In America, more than 30 million people have a diabetes diagnosis.

Of these cases, around 5 percent are classed as type 1 diabetes.

Type 1 diabetes, usually diagnosed in young adults and children, is an autoimmune disorder; it is sometimes referred to as juvenile diabetes.

The individual’s immune system attacks and destroys specific cells within the pancreas – islet cells – that create insulin.

With the following decrease in insulin, blood glucose builds up and damages nerves and blood vessels.

The exact causes of type 1 diabetes are not understood; both genes and environmental factors are thought to play a role.

For unknown reasons, the number of type 1 diabetes diagnoses is rising. According to some estimates, globally, type 1 diabetes is increasing by 3 percent year on year.

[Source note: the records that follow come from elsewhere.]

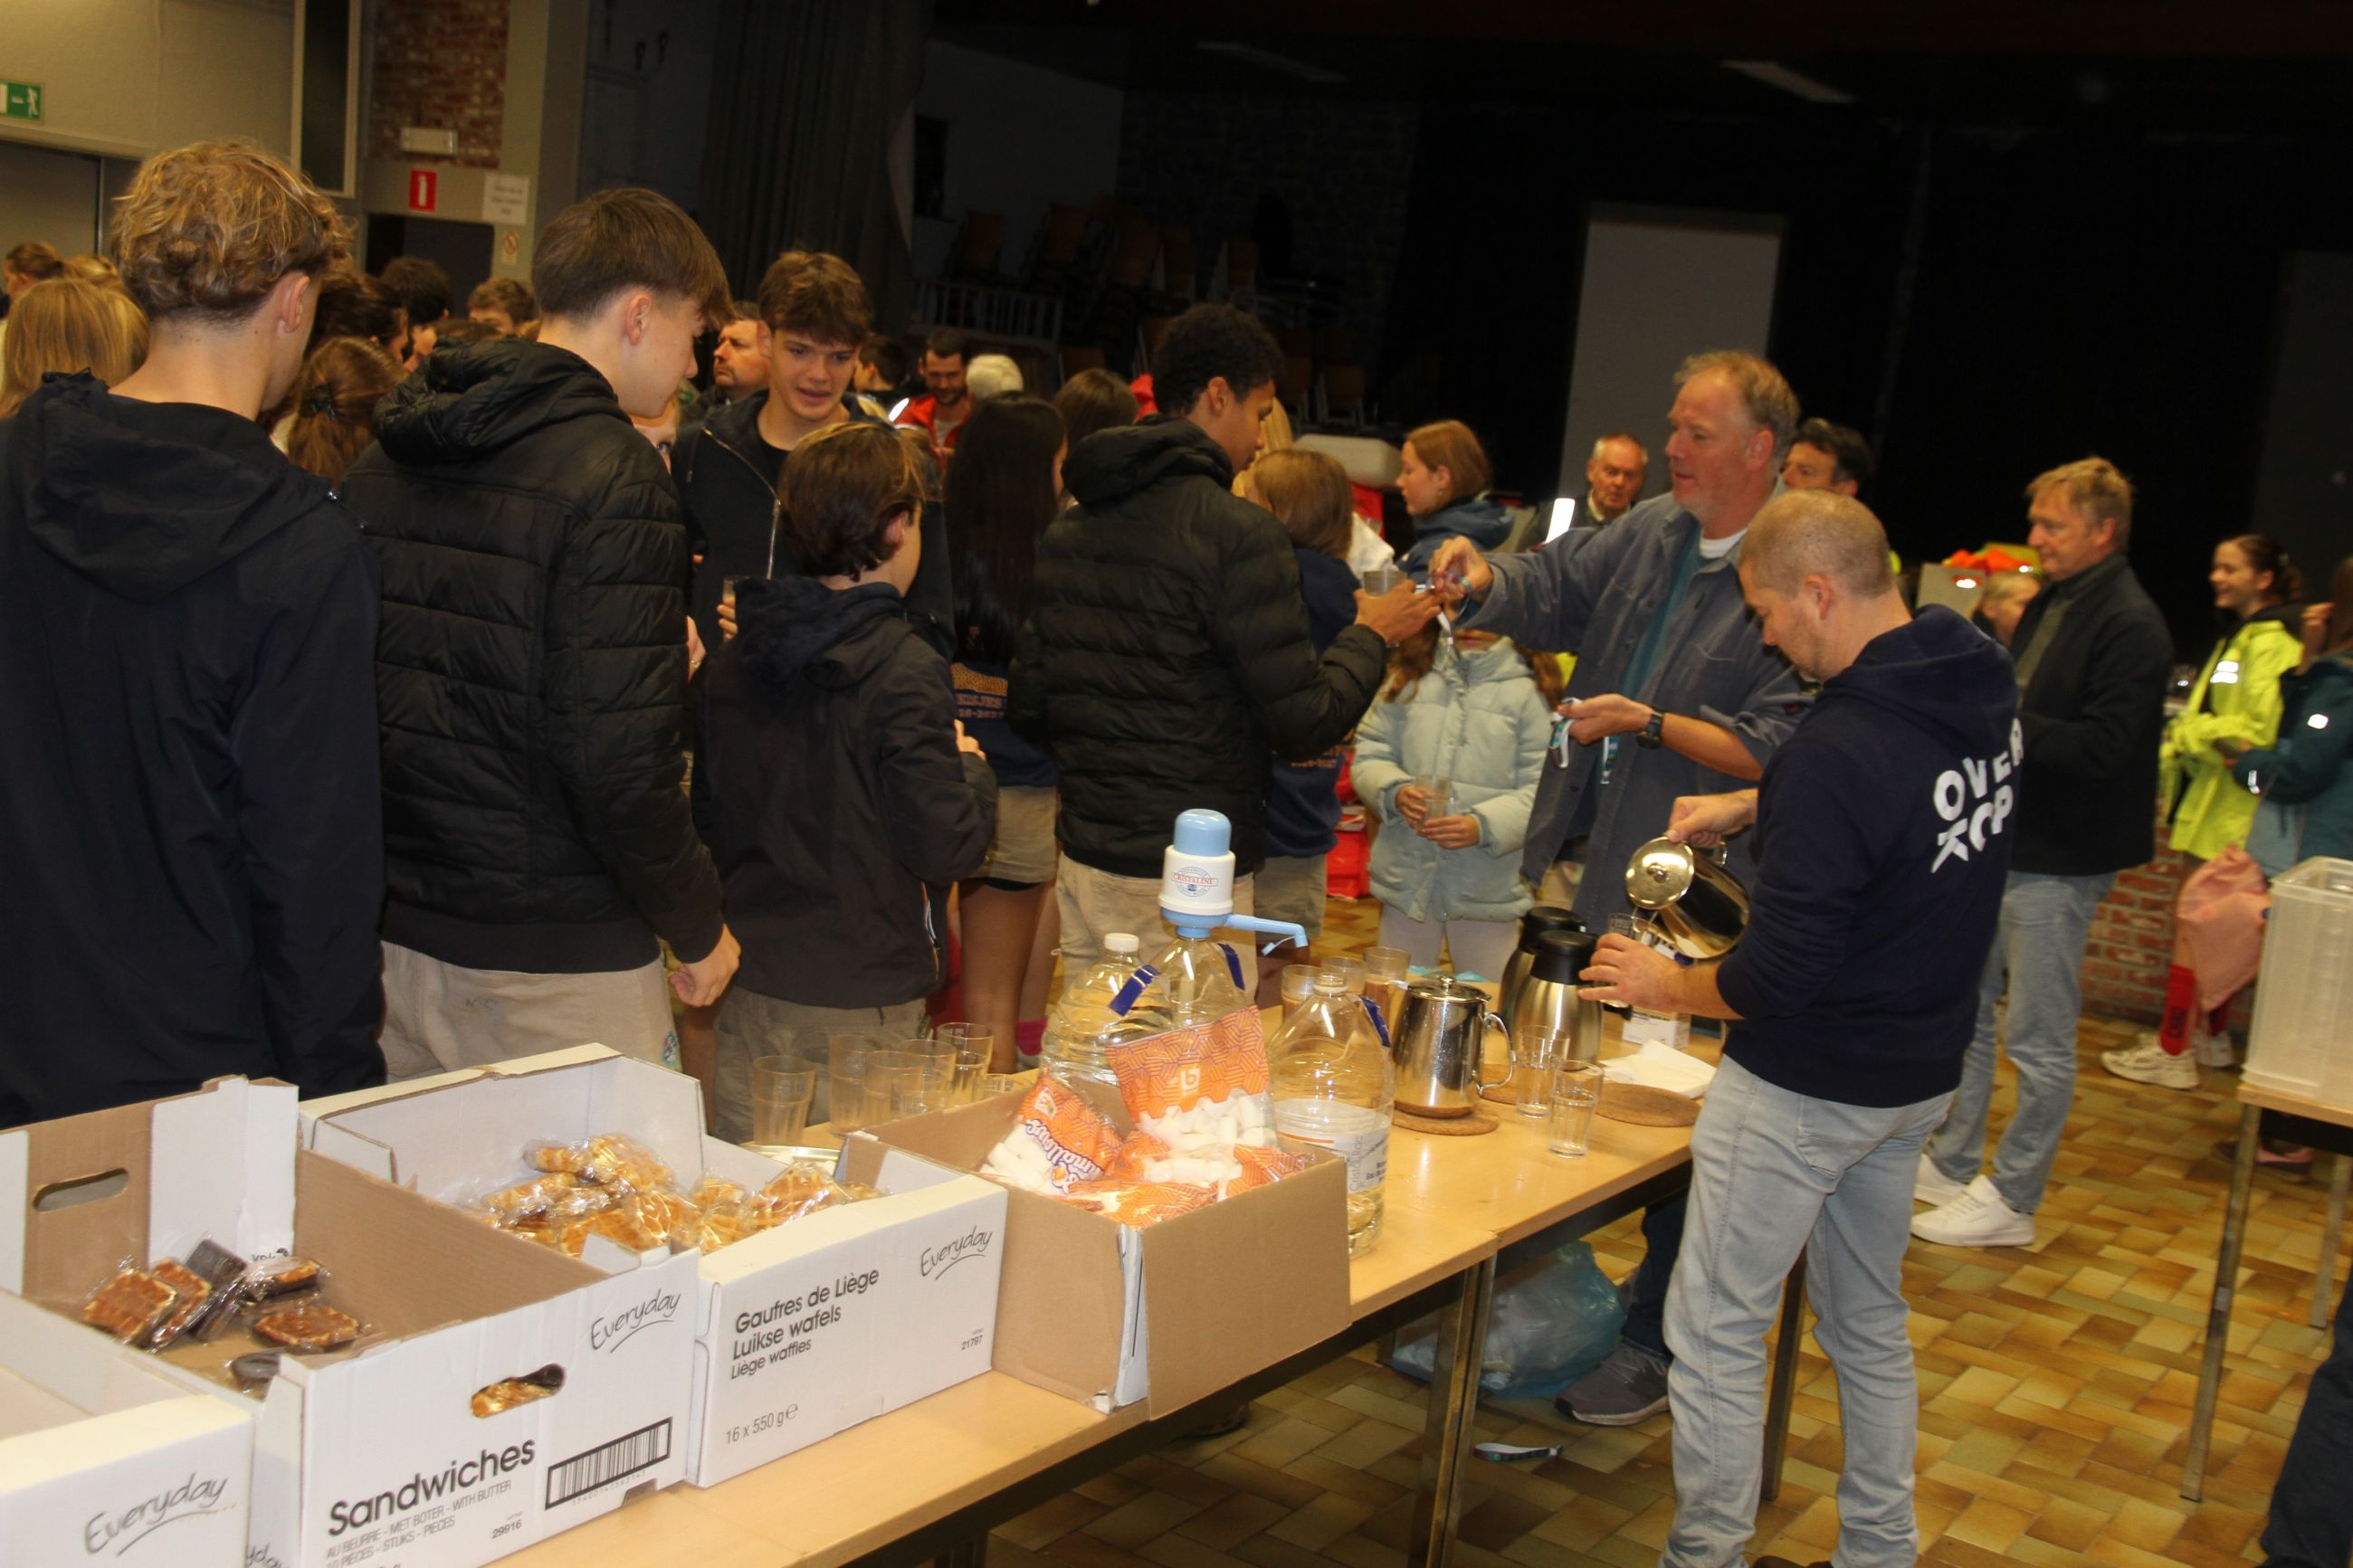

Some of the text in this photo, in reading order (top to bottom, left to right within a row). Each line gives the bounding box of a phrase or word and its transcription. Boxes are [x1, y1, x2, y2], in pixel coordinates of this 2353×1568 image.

[920, 1225, 994, 1278] Everyday
[591, 1288, 681, 1350] Everyday
[735, 1269, 880, 1334] Gaufres de Liège
[731, 1338, 812, 1380] Liège waffles
[732, 1305, 842, 1361] Luikse wafels
[961, 1335, 984, 1351] 21797
[725, 1425, 740, 1444] 16
[742, 1423, 750, 1438] x
[752, 1412, 775, 1435] 550
[84, 1472, 229, 1554] Everyday
[329, 1440, 536, 1536] Sandwiches
[327, 1479, 512, 1559] AU BEURRE MET BOTER WITH BUTTER
[383, 1532, 416, 1553] STUKS
[424, 1515, 456, 1537] PIECES
[491, 1519, 522, 1540] 29916

One theory to explain the increase in type 1 diabetes involves the interaction between antibiotics and gut bacteria. The microorganisms that live in our gut – the microbiome, or “healthy” bacteria – have evolved alongside humanity and are now indispensable to our normal functioning.

Incredibly, there are more bacteria living within us than there are cells in our body. You could say that we are more them than us.

Among other roles, some believe that the gut biome helps train the developing immune system to not be overly sensitive. In other words, by being introduced to microbes as we grow, the immune system learns to be less trigger-happy.

Over recent years, childrens’ exposure to microbe-destroying antibiotics has steadily risen. By the age of 10, the average American child has received 10 courses of antibiotics.

A study, carried out at NYU Langone Medical Center and published in Nature Biology this week, set out to investigate this theory. The study used a mouse model of type 1 diabetes and doses of antibiotics equivalent to those given to children.

The team was led by Dr. Martin Blaser, The Muriel G. and George W. Singer Professor of Translational Medicine at NYU School of Medicine. They used non-obese diabetic mice (NOD), which are susceptible to developing type 1 diabetes.

The NOD mice were either given continuous low-dose antibiotics or pulsed antibiotic therapy (PAT), which is more similar to the type of doses children often experience.

When the mice were tested at the end of the trial, 53 percent of those exposed to PAT had developed type 1 diabetes, compared with 26 percent of the control mice that received no antibiotics.

As Dr. Blaser says: “Our study begins to clarify the mechanisms by which antibiotic-driven changes in gut microbiomes may increase risk for type 1 diabetes.”

Each mouse’s gut bacteria was sampled before, during, and after the study to measure any changes in number and species.

The changes were profound. In the 3-month-old PAT mice, one specific species of gut bacteria – which has previously been shown to help train the immune system – had almost totally disappeared. In each of the three bacteria-sampling tests, the PAT mice’s bacterial diversity was reduced when compared with the control mice.

To assess the ability of the changed gut flora to affect health, the team carried out a further experiment. They transferred the gut bacteria of a PAT mouse into the gut of a mouse bred to have none of its own gut flora (germ-free mice).

After the transfer was complete, the researchers observed similar changes in their immune system; this proves that the changes in gut bacteria alone (independent of antibiotics) can make significant changes to the developing immune system.

This is the first study of its kind suggesting that antibiotic use can alter the microbiota and have lasting effects on immunological and metabolic development, resulting in autoimmunity.

We’re eager to see how these findings may impact the discovery of type 1 diabetes preventive treatments in the future and continued research in the area of vaccines.”

Jessica Dunne, director of Discovery Research at Juvenile Diabetes Research Foundation

These findings have huge implications for national health. As the researchers admit, these are preliminary studies and will need to be replicated; however, they could influence the way in which antibiotics are administered further down the line.